TASK TO CARRY OUT: Starting at the top line and ending at the bottom one, repeat the entries exactly and drop every picture.

DATA PROVIDED:

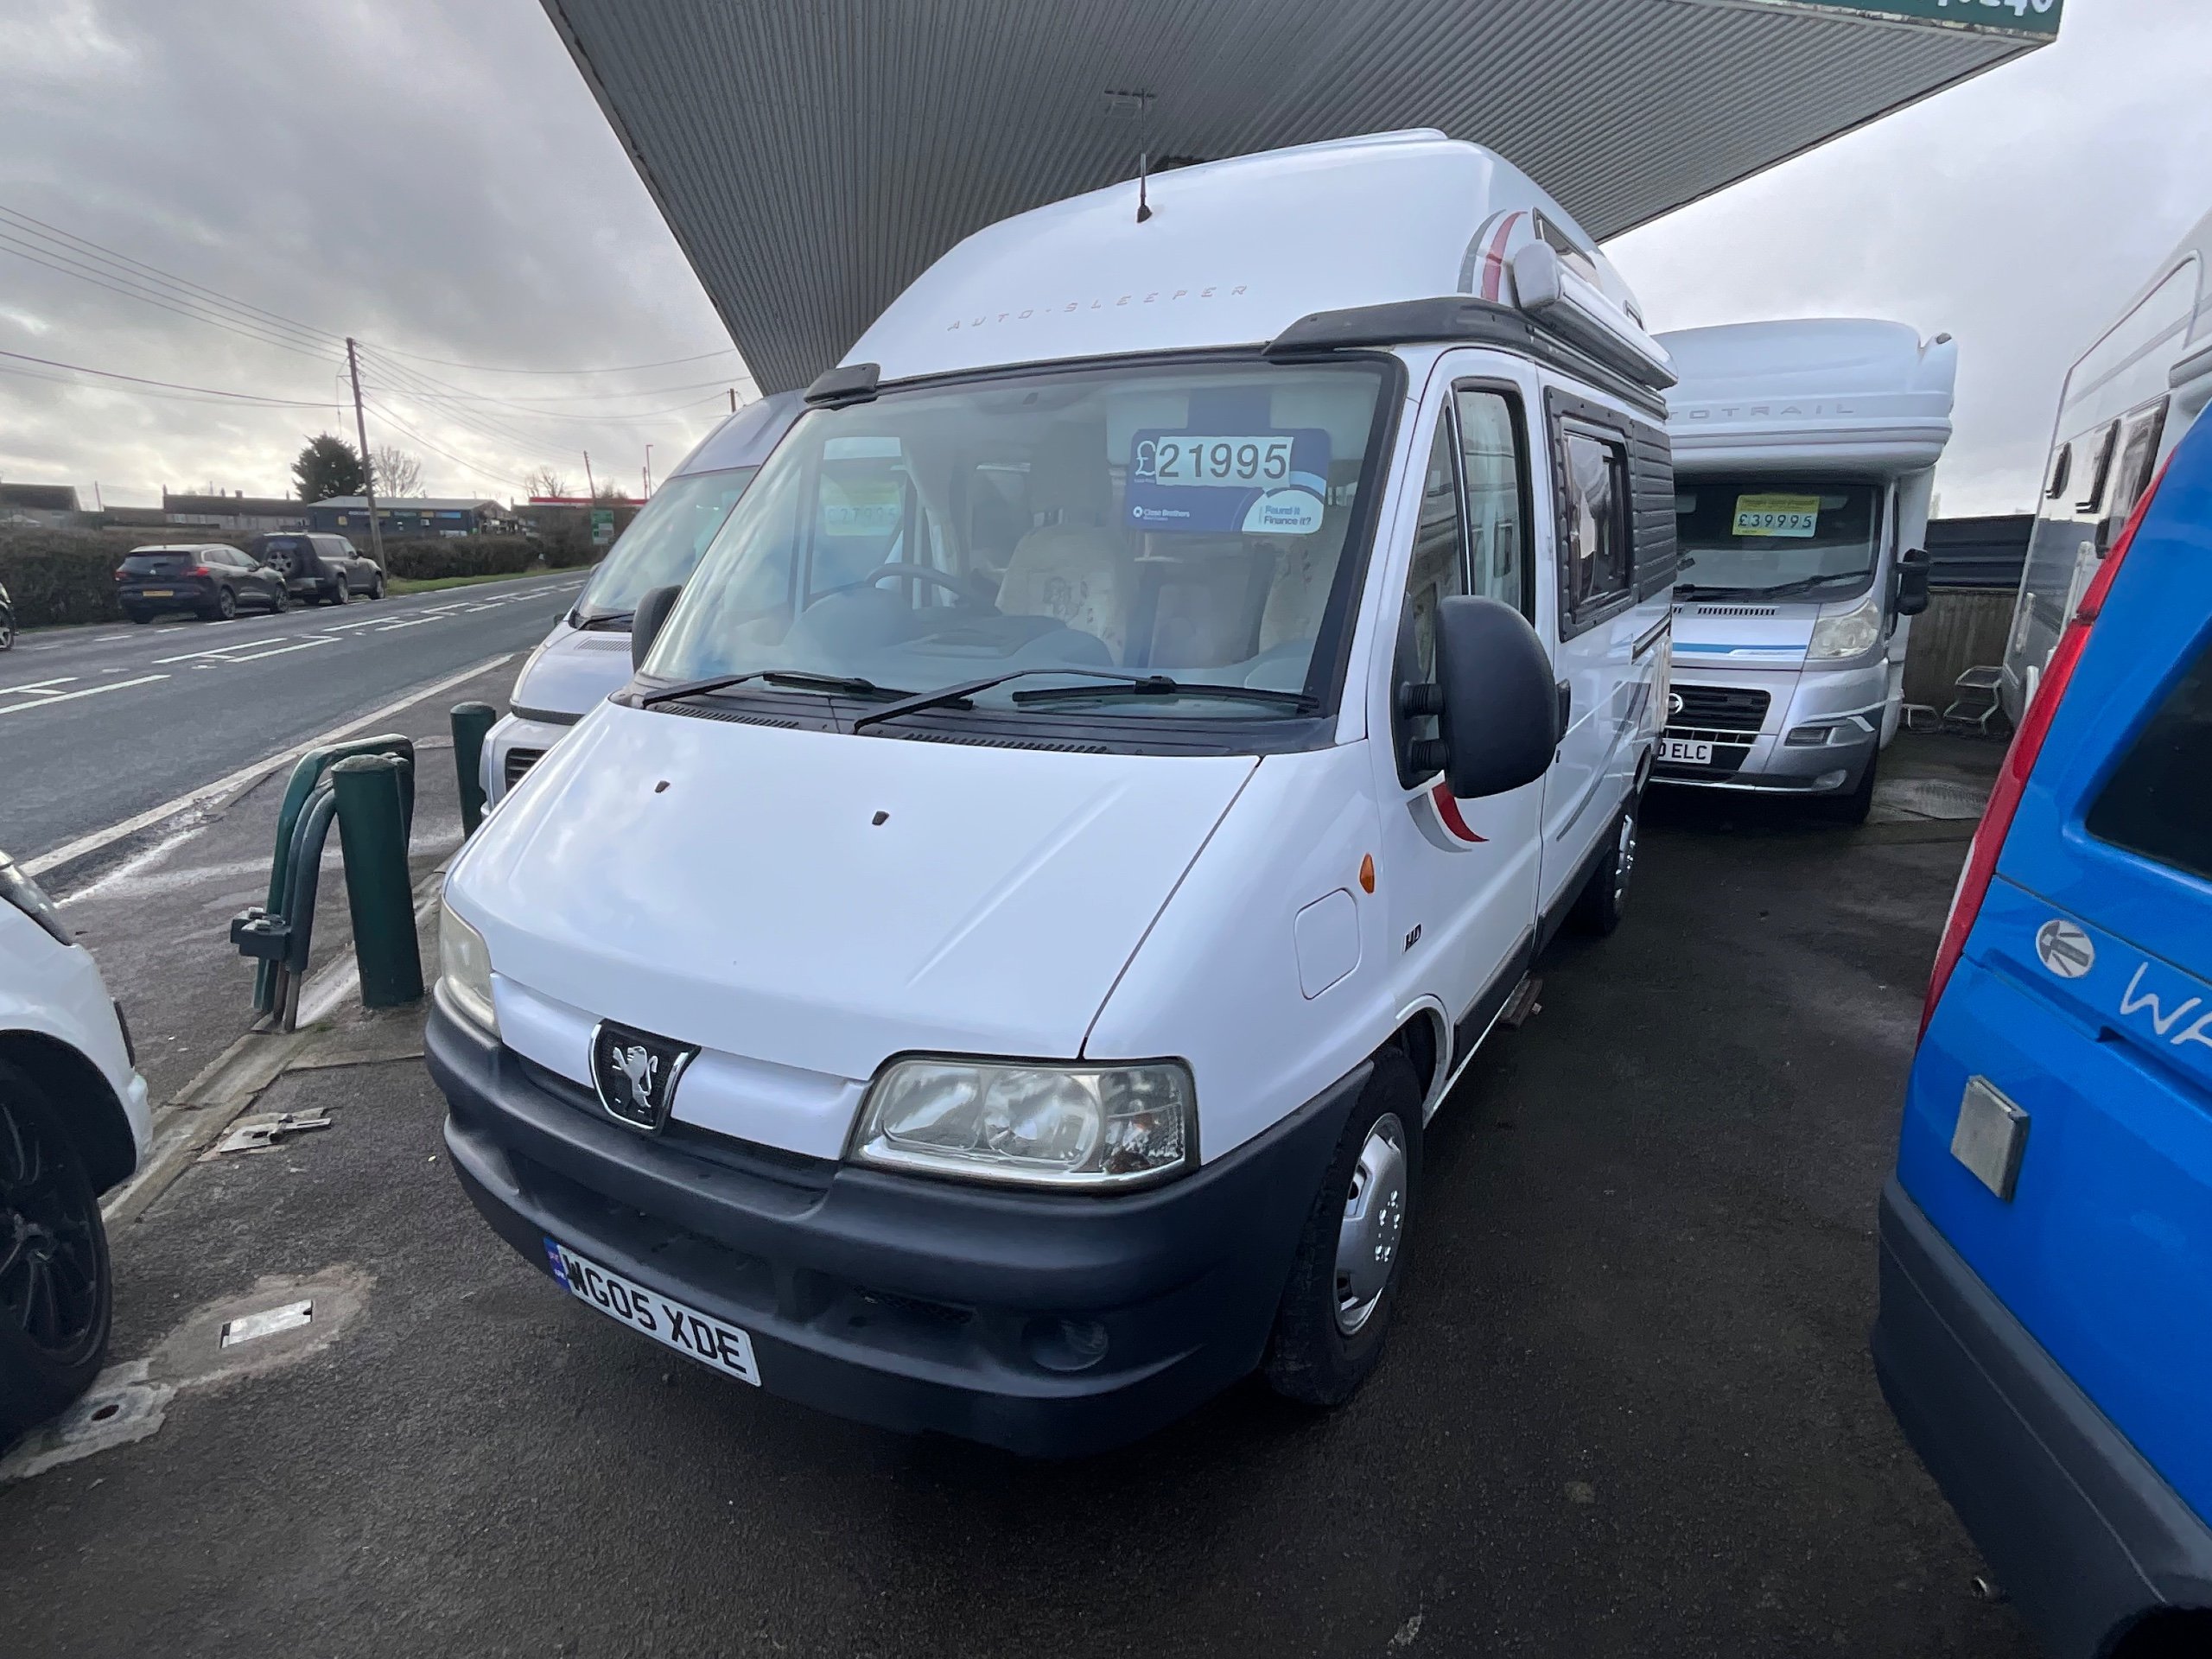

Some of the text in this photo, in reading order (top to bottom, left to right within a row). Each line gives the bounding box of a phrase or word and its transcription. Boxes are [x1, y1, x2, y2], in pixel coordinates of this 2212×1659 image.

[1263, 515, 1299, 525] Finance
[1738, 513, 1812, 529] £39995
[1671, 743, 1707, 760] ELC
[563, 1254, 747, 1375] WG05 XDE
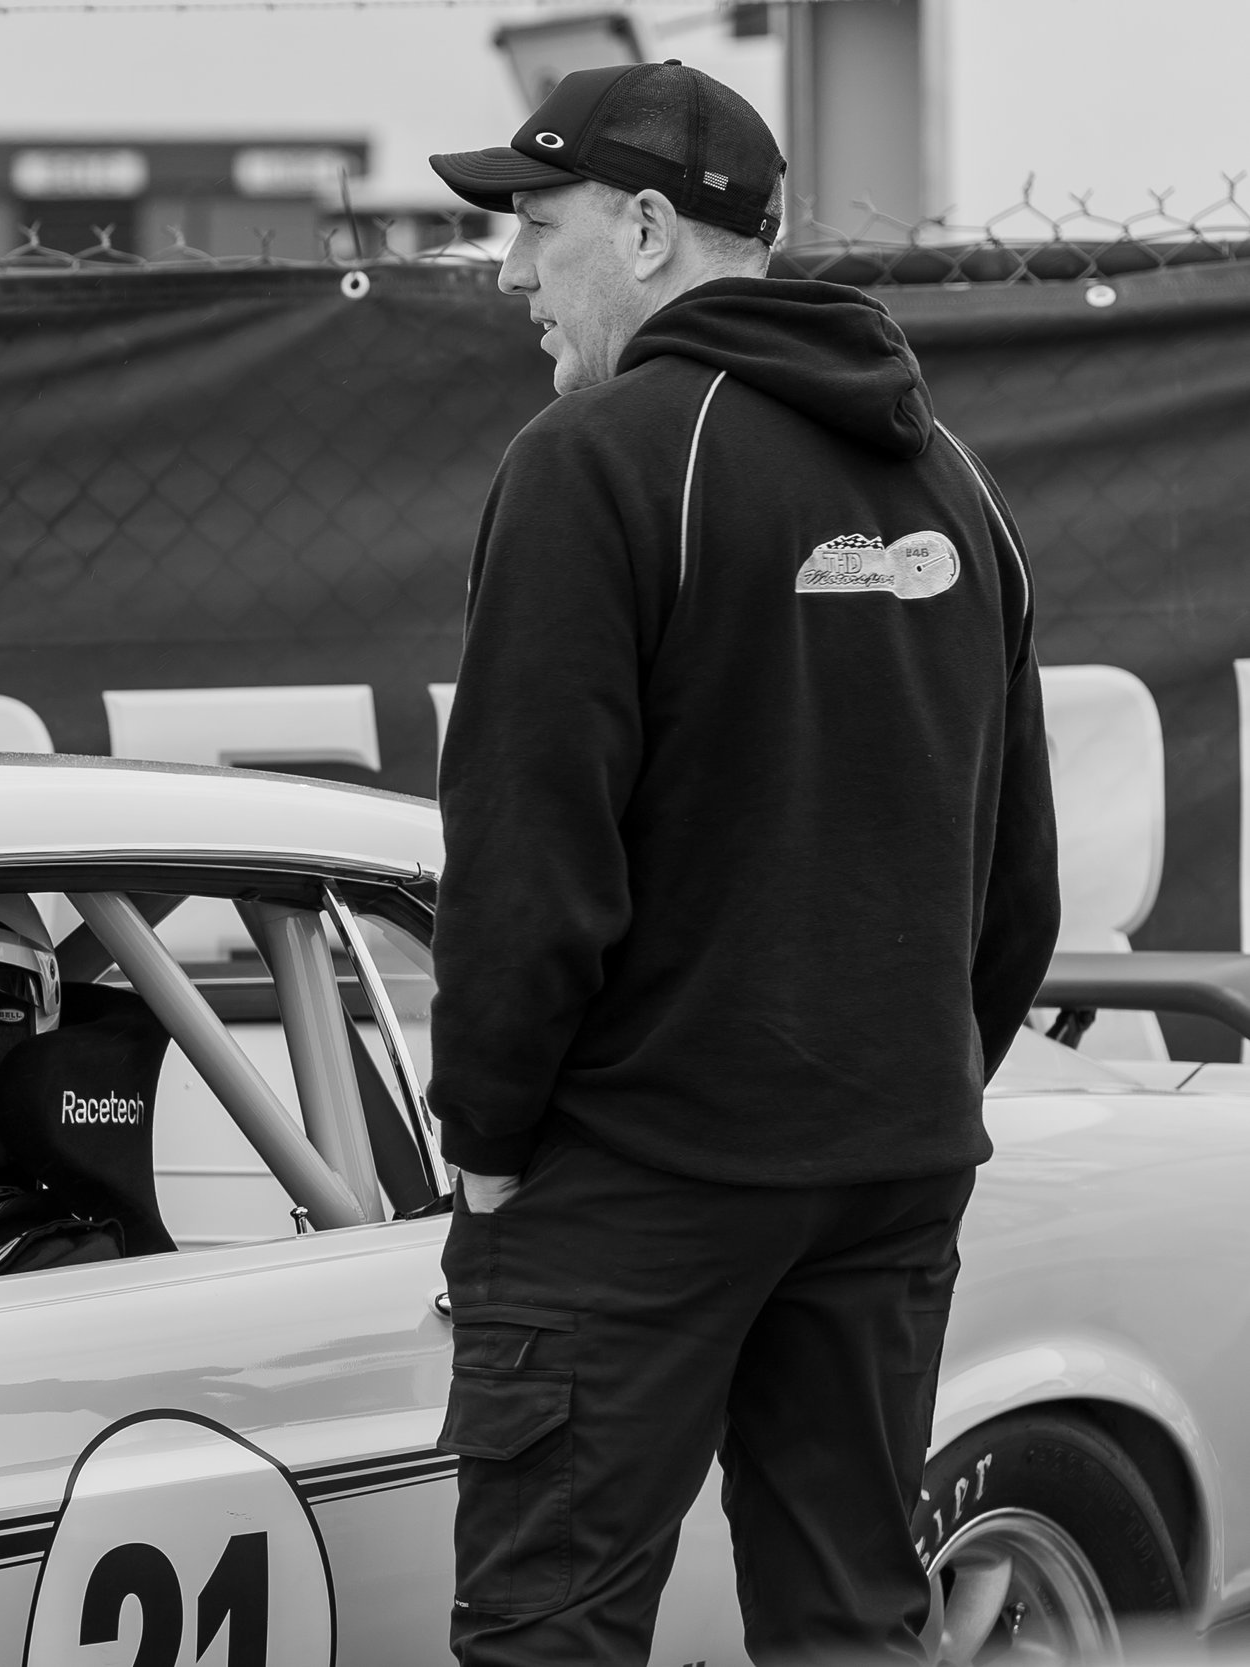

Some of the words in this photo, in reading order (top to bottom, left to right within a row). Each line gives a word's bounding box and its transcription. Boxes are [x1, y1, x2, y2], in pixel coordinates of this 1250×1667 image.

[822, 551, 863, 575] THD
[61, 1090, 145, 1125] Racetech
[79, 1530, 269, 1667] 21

RESULT OF THE TASK:
Some of the text in this photo, in reading order (top to bottom, left to right within a row). Each line gives the bounding box of a phrase or word and its transcription. Boxes are [x1, y1, x2, y2], in pixel coordinates of this 2212×1659 image.

[1263, 515, 1299, 525] Finance
[1738, 513, 1812, 529] £39995
[1671, 743, 1707, 760] ELC
[563, 1254, 747, 1375] WG05 XDE

Some of the words in this photo, in reading order (top to bottom, left to right within a row). Each line gives a word's bounding box and its transcription. Boxes are [x1, y1, x2, y2], in pixel coordinates of this 1250×1667 image.

[822, 551, 863, 575] THD
[61, 1090, 145, 1125] Racetech
[79, 1530, 269, 1667] 21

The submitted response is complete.